(Free-text object descriptions)

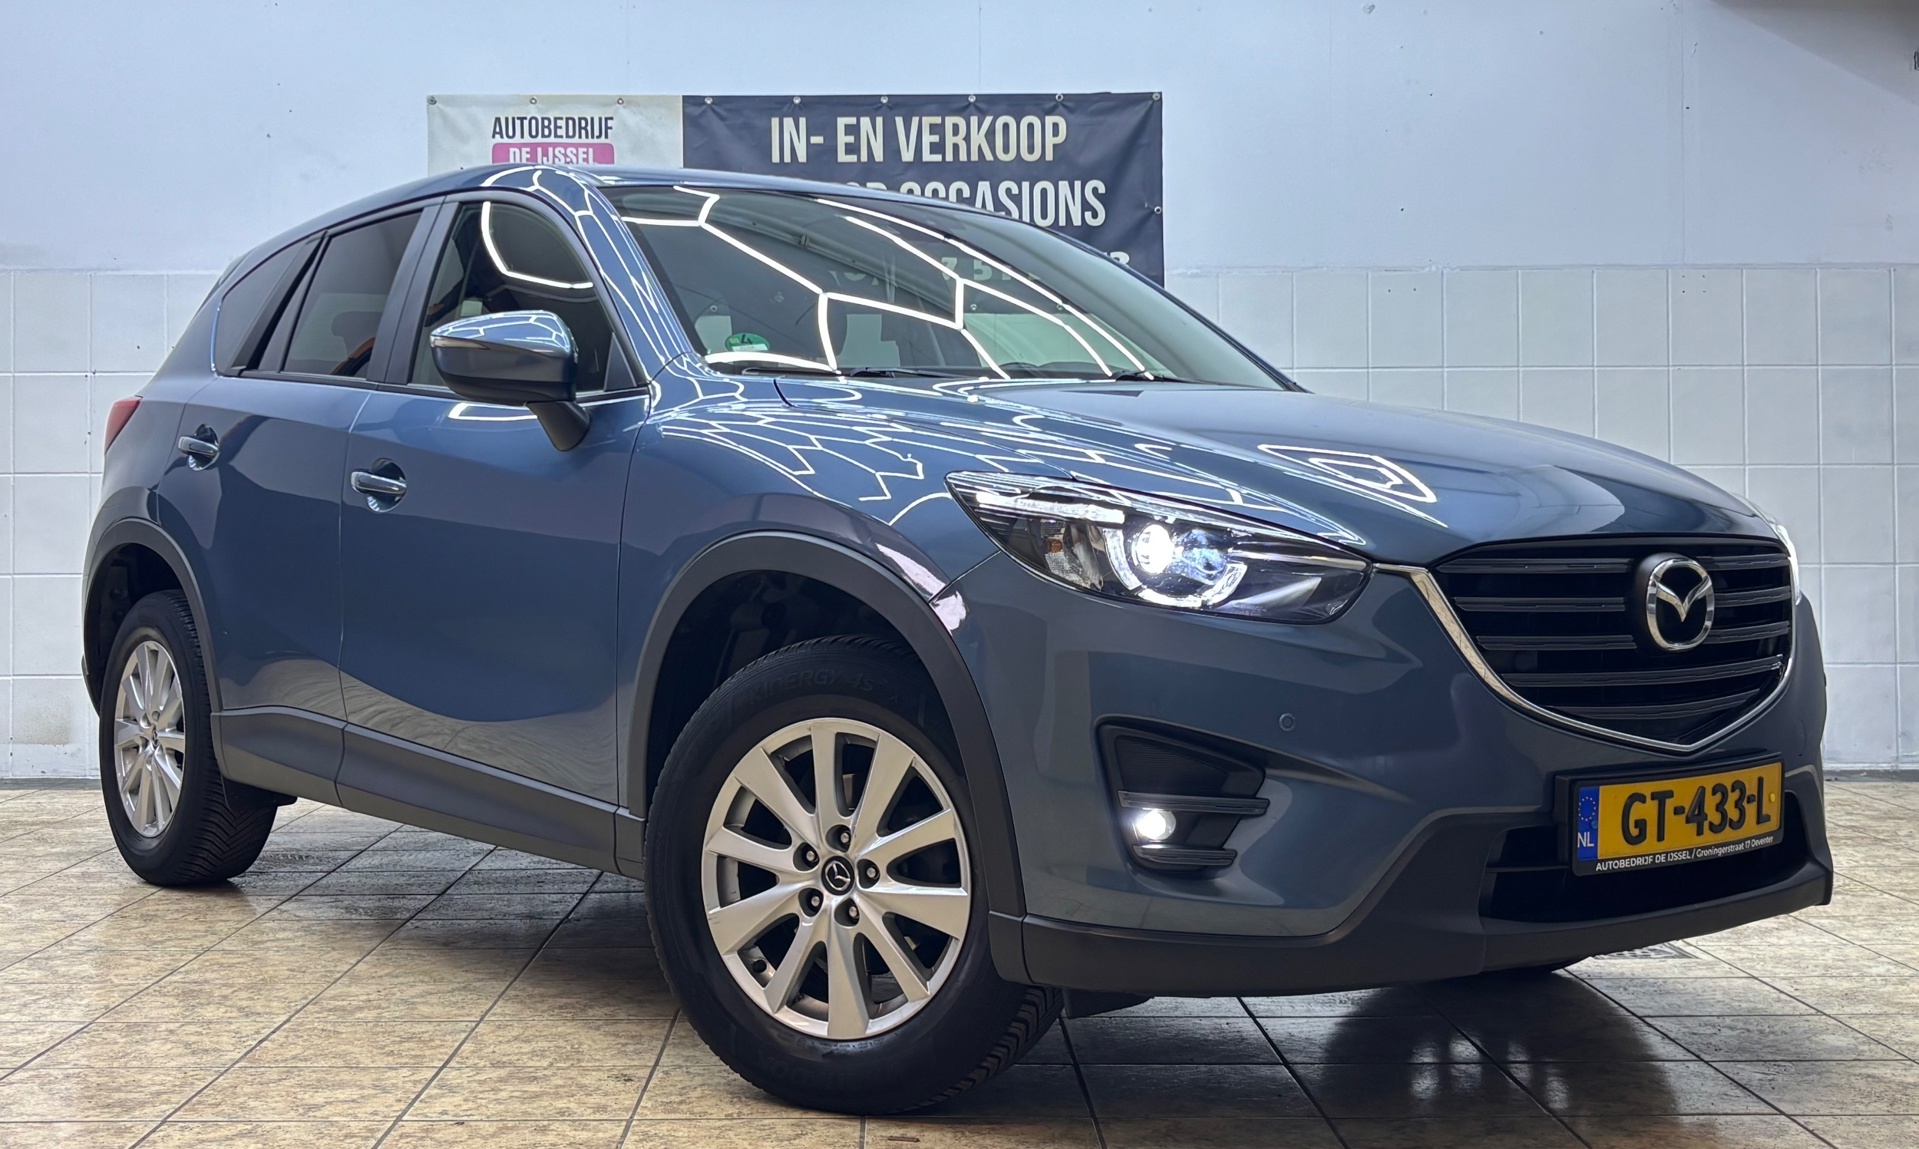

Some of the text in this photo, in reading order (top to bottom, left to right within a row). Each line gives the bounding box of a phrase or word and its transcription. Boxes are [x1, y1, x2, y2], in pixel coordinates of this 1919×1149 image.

[492, 116, 614, 139] AUTOBEDRIJF
[771, 115, 1067, 163] IN- EN VERKOOP
[509, 147, 594, 165] DE IJSSEL
[900, 179, 1106, 227] ASIONS
[1621, 776, 1771, 845] GT-433-L
[1577, 832, 1594, 848] NL
[1595, 855, 1653, 872] AUTOBEDRIJF
[1655, 854, 1666, 863] DE
[1667, 851, 1691, 862] IJSSEL
[1696, 842, 1744, 859] Groningerstraat
[1744, 840, 1751, 849] 17
[1751, 836, 1774, 848] Deventer

• TASK:
Set down all the data again exactly as above, pictures excluded.

• TASK RESULT:
Some of the text in this photo, in reading order (top to bottom, left to right within a row). Each line gives the bounding box of a phrase or word and its transcription. Boxes are [x1, y1, x2, y2], in pixel coordinates of this 1919×1149 image.

[492, 116, 614, 139] AUTOBEDRIJF
[771, 115, 1067, 163] IN- EN VERKOOP
[509, 147, 594, 165] DE IJSSEL
[900, 179, 1106, 227] ASIONS
[1621, 776, 1771, 845] GT-433-L
[1577, 832, 1594, 848] NL
[1595, 855, 1653, 872] AUTOBEDRIJF
[1655, 854, 1666, 863] DE
[1667, 851, 1691, 862] IJSSEL
[1696, 842, 1744, 859] Groningerstraat
[1744, 840, 1751, 849] 17
[1751, 836, 1774, 848] Deventer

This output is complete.